Cisco raised a lot of hackles last month when it introduced a new vision for enterprise data centers, proposing a Unified Computing System that would treat servers, storage, and networking as a pool of virtual resources than can be dynamically allocated as needed to meet the constantly changing demands of business processes and applications. It also announced plans for a new series of blade server products that would put it into direct competition with existing partners such as Hewlett-Packard, Dell, and IBM.

It didn't take long for current and future competitors to criticize Cisco's plans, with HP and Brocade the first out of the gate. Other vendors, analysts, and users soon piled on with criticisms and questions and comments in briefings, in blog posts, and on the Byte and Switch message board.

Apparently, Cisco's feelings were hurt, and the networking giant responded Thursday with more details of its product plans and some cost figures, adding more fuel to a fire that's building over a product that isn't yet available. The company took aim and tried to counter the "top five myths" surrounding its UCS: It isn't new or innovative; it requires a forklift upgrade; it is expensive and doesn't scale; it will take control away from IT managers; and it is only good for VMware environments.

Cisco's main goal is to reduce the layers of complexity that exist in today's data centers, said Paul Durzan, director of the server access business unit at Cisco. By using standardized building blocks to build a data center infrastructure, IT departments can build an integrated cohesive system with a unified fabric for LANs and SANs and a management system that can treat everything as a single domain. He called that one of the "top innovations" of the system. Another innovation: "We use service profiles to abstract the hardware state from the blade itself and we can give the blade the identity and personality it should have.
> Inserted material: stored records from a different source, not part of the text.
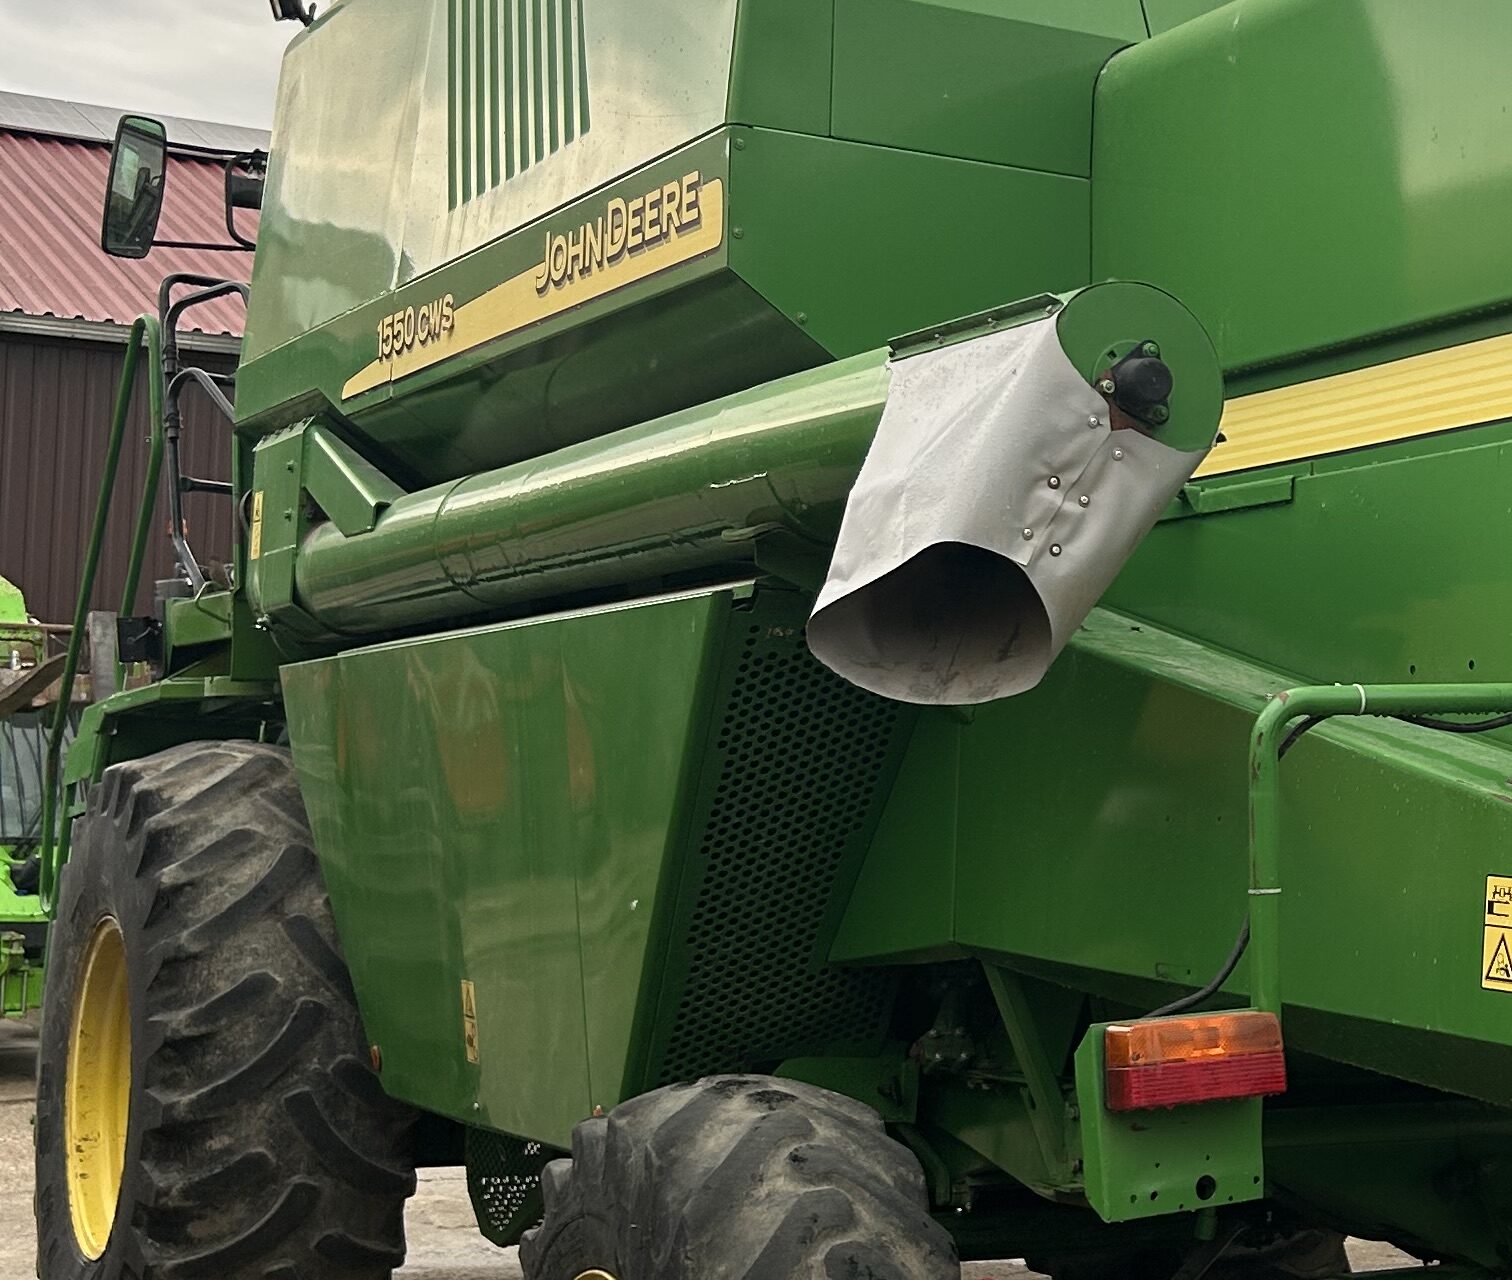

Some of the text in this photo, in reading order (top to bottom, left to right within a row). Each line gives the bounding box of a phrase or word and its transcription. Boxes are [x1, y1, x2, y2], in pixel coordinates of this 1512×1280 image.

[536, 170, 700, 291] JOHN DEERE
[377, 293, 454, 361] 1550 CWS
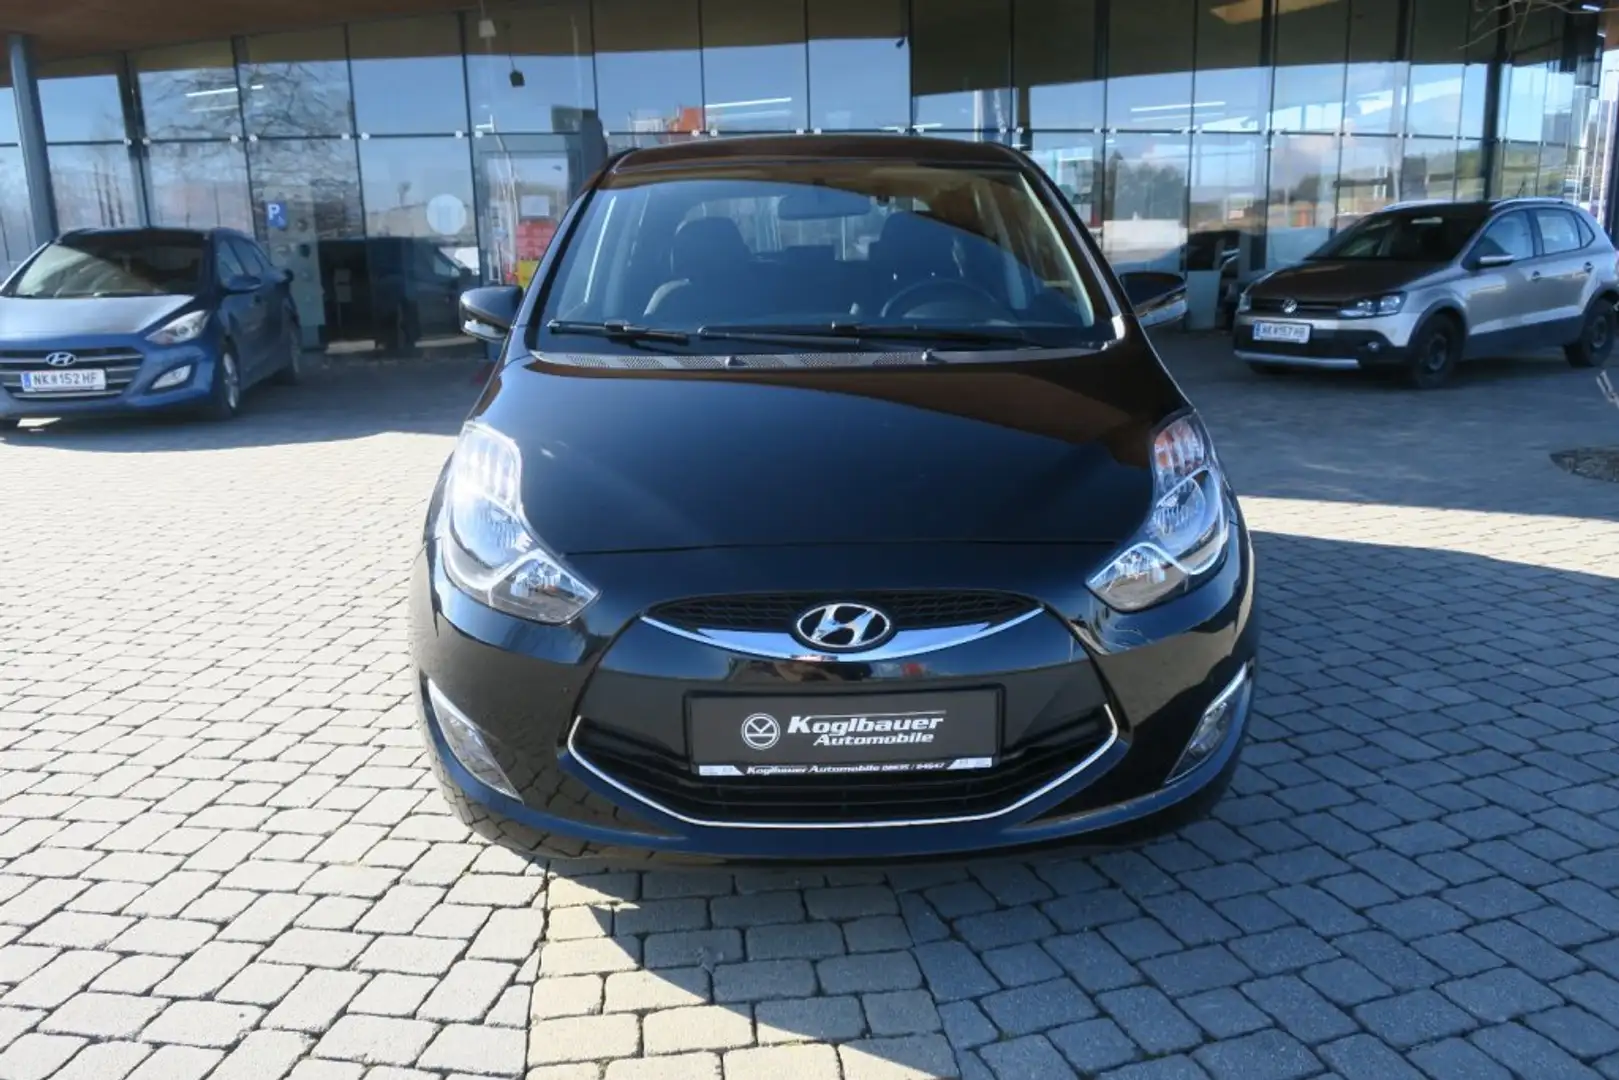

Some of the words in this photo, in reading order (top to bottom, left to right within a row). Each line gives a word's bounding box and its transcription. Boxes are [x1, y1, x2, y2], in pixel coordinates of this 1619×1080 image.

[267, 203, 281, 221] P
[33, 373, 49, 386] NK
[59, 372, 80, 385] 152
[787, 713, 944, 737] Koglbauer
[813, 731, 935, 747] Automobile
[746, 764, 807, 776] Koglbauer
[807, 763, 880, 774] Automobile
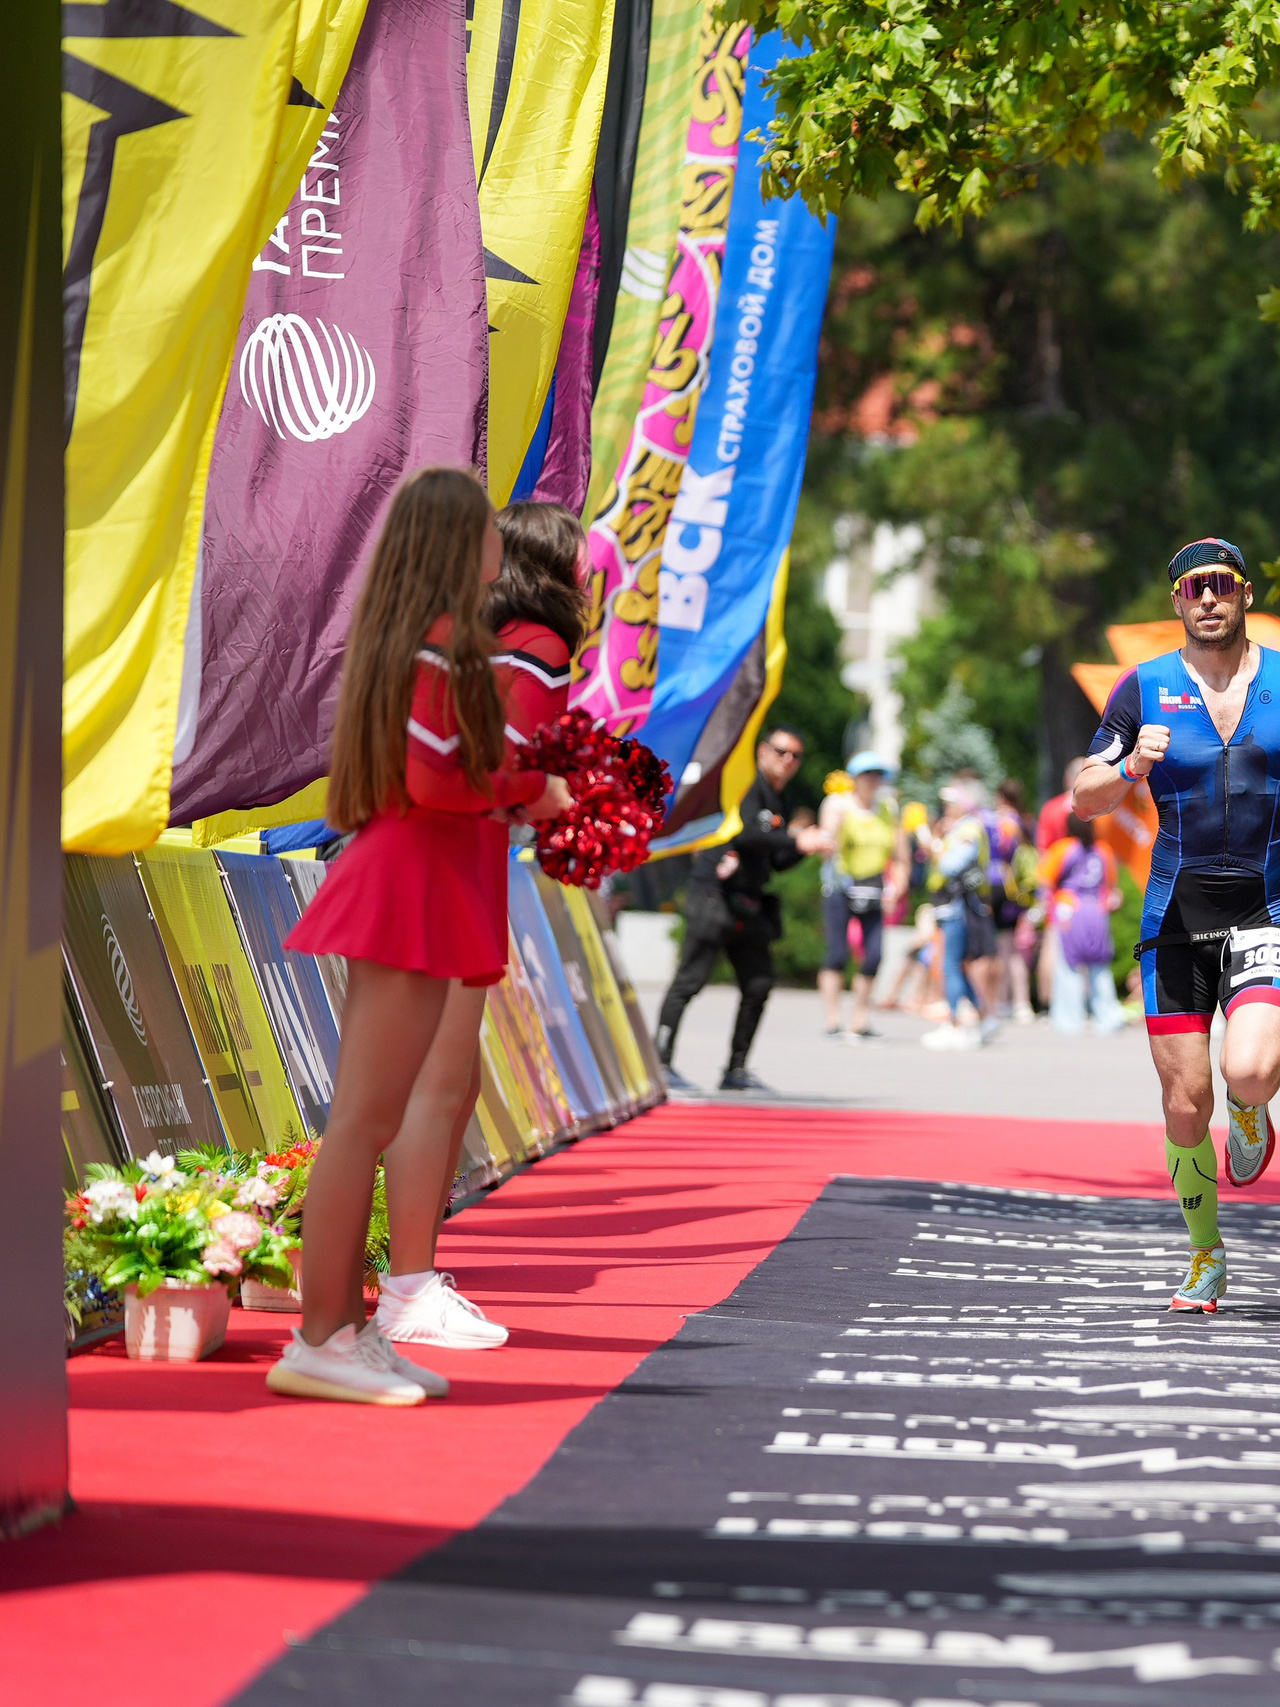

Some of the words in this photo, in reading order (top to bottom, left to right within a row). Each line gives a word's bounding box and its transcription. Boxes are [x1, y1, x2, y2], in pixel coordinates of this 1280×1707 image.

[657, 463, 736, 632] ВСК
[716, 294, 767, 462] СТРАХОВОЙ
[747, 220, 779, 290] ДОМ
[769, 1431, 1079, 1462] IRON
[622, 1611, 1054, 1664] IRON
In the past that had to be done manually and now it can be automated," he said in an interview. Other innovations cited by Durzan included embedded management, a patented memory extension, scalable bandwidth, and a virtualization adapter.

Cisco also released a series of benchmarks showing that its systems rank at or near the top in most categories. "The point here is that we are standing toe to toe with HP, IBM, and Dell and bringing in a high-performance system to the market. We brought in a lot of people who have a lot of experience designing servers," he said.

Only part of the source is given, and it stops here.